Butterbur Ze339 for the Treatment of Intermittent Allergic Rhinitis: Dose-Dependent Efficacy in a Prospective, Randomized, Double-blind, Placebo-Controlled Study

Andreas Schapowal, MD, PhD; Petasites Study Group
Arch Otolaryngol Head Neck Surg. 2004;130(12):1381-1386. doi:10.1001/archotol.130.12.1381

Objectives  To investigate whether the efficacy and safety of Butterbur extract Ze339 are related to dosage when administered to patients with intermittent allergic rhinitis.

Design  Prospective, randomized, double-blind, placebo-controlled, parallel-group comparison.
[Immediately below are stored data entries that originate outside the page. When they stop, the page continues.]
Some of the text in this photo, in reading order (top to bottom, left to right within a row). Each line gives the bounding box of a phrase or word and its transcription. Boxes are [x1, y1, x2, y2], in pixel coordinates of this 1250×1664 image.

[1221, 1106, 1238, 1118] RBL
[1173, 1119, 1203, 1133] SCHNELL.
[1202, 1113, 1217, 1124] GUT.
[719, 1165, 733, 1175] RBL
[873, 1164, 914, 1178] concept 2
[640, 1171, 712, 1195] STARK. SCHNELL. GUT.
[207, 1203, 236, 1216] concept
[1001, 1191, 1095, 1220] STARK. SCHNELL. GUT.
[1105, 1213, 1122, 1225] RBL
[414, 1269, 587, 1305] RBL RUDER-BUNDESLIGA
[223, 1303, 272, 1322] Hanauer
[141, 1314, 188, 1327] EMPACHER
Setting  Multicenter, including 6 outpatient general medicine and allergy clinics.

Patients  One hundred eighty-six patients were randomized (Butterbur Ze339 high dose, 60; low dose, 65; and placebo, 61 patients). Established diagnostic criteria for intermittent allergic rhinitis were confirmed by skin allergy tests in all patients.

Interventions  High-dose group, 1 tablet 3 times daily; low-dose group, 1 tablet twice daily; or matching placebo. All groups were treated for 2 consecutive weeks.
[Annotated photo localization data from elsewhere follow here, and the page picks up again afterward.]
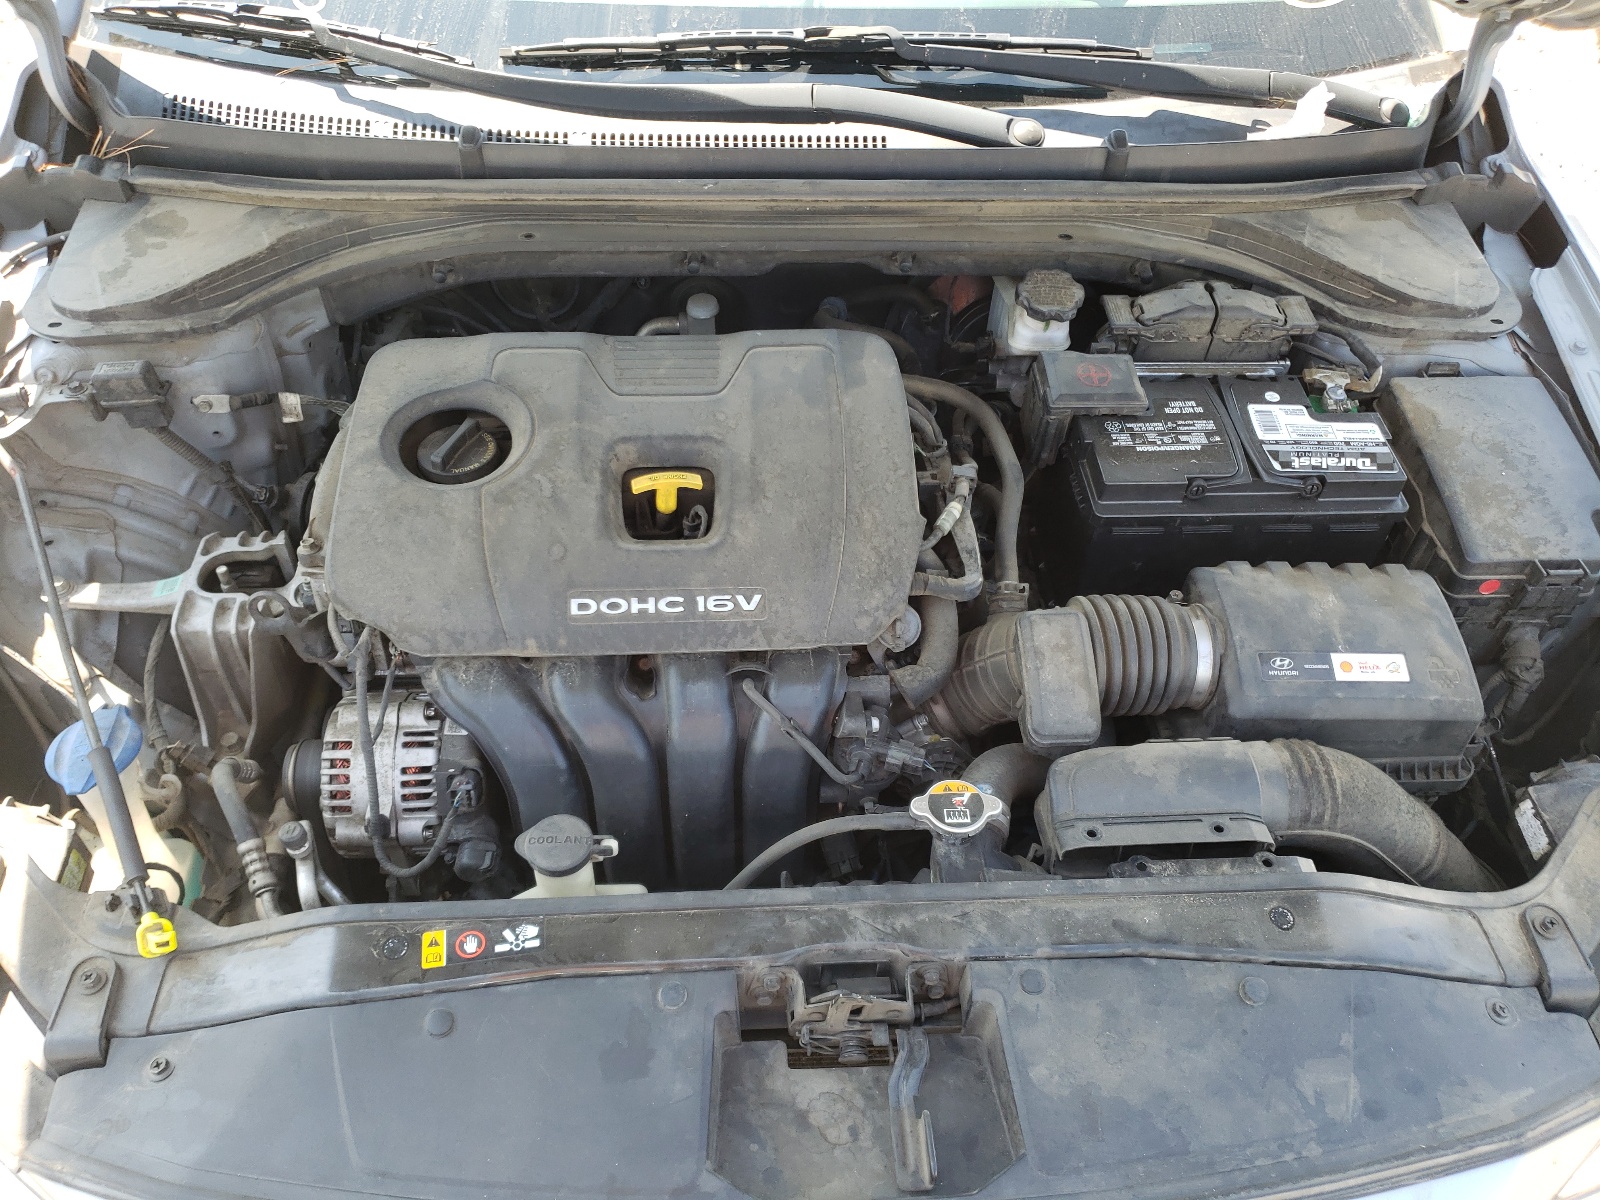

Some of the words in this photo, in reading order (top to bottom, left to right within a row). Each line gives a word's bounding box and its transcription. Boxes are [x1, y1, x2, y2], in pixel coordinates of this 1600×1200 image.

[450, 462, 480, 474] MANUAL
[1291, 457, 1377, 470] Duralast
[570, 597, 685, 615] DOHC
[696, 594, 763, 612] 16V
[528, 835, 591, 845] COOLANT
Main Outcome Measures  The main efficacy variable was change in symptoms from baseline to end point during the daytime. The secondary efficacy variables were Clinical Global Impression score, change in symptoms from baseline to treatment day 7, and responder rates. Statistical analysis was prospective, on an intention-to-treat basis.

Results  Improvement in the main efficacy variable was significantly superior in the Butterbur Ze339 groups, relative to placebo, and a significant dose relationship was observed between the 2 Butterbur doses. The clinicians’ assessment of efficacy and the overall responder rates were significantly superior for the active groups compared with placebo. The incidence and type of adverse events were indistinguishable across the herbal treatment and placebo groups.

Conclusions  Butterbur Ze339 is an effective treatment for intermittent allergic rhinitis symptoms and is well tolerated. The effects of this herbal medicine are clear to patients and physicians in a double-blind evaluation against placebo.